[rllib] Fix truncate episodes mode in central critic example (#8073)

2026-06-28 05:43:03 +08:00 · 2020-04-20 12:58:01 -07:00
parent 3812bfedda
commit 17e3c545d9
1 changed files with 8 additions and 4 deletions
@@ -96,8 +96,6 @@ def centralized_critic_postprocessing(policy,
                                      other_agent_batches=None,
                                      episode=None):
    if policy.loss_initialized():
-        assert sample_batch["dones"][-1], \
-            "Not implemented for train_batch_mode=truncate_episodes"

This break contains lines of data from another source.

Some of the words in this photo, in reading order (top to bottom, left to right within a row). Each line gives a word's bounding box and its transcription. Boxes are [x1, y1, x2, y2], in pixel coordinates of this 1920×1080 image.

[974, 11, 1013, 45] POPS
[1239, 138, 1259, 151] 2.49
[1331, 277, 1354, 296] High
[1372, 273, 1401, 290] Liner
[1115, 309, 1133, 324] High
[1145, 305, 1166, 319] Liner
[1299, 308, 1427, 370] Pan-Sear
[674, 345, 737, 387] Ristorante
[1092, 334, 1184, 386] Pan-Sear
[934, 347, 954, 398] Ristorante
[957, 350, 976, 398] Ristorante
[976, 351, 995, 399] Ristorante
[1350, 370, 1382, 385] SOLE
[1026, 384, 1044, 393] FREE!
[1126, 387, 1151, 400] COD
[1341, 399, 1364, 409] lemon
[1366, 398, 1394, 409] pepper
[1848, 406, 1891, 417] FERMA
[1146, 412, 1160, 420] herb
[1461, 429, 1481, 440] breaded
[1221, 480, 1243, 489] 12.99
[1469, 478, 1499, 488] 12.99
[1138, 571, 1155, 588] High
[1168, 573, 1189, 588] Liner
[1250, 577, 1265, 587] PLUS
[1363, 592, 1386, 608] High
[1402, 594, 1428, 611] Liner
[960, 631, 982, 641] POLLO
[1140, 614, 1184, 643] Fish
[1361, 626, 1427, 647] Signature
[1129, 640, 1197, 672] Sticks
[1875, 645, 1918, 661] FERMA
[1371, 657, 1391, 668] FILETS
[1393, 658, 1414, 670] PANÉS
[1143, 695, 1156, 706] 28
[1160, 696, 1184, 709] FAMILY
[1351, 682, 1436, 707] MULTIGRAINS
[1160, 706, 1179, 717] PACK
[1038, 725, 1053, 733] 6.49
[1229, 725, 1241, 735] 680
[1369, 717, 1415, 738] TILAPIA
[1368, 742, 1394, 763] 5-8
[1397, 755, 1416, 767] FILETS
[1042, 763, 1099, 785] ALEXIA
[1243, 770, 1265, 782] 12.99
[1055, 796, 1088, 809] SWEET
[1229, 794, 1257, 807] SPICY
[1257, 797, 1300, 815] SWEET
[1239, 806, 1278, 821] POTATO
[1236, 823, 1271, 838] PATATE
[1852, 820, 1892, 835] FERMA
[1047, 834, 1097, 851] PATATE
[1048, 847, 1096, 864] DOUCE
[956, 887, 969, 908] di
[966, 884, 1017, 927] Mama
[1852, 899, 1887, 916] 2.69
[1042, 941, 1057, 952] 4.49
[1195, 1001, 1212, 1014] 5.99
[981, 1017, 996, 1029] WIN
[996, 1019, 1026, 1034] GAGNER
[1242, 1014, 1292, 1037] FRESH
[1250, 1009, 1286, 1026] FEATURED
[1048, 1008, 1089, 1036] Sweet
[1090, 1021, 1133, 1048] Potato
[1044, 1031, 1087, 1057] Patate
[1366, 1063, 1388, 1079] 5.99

        assert other_agent_batches is not None
        [(_, opponent_batch)] = list(other_agent_batches.values())

@@ -116,11 +114,17 @@ def centralized_critic_postprocessing(policy,
        sample_batch[OPPONENT_ACTION] = np.zeros_like(
            sample_batch[SampleBatch.ACTIONS])
        sample_batch[SampleBatch.VF_PREDS] = np.zeros_like(
-            sample_batch[SampleBatch.ACTIONS], dtype=np.float32)

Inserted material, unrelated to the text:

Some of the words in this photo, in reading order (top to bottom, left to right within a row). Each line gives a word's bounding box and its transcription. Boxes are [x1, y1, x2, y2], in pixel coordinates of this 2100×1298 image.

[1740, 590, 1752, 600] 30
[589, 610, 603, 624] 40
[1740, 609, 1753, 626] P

+            sample_batch[SampleBatch.REWARDS], dtype=np.float32)
+
+    completed = sample_batch["dones"][-1]
+    if completed:
+        last_r = 0.0
+    else:
+        last_r = sample_batch[SampleBatch.VF_PREDS][-1]

    train_batch = compute_advantages(
        sample_batch,
-        0.0,
+        last_r,
        policy.config["gamma"],
        policy.config["lambda"],
        use_gae=policy.config["use_gae"])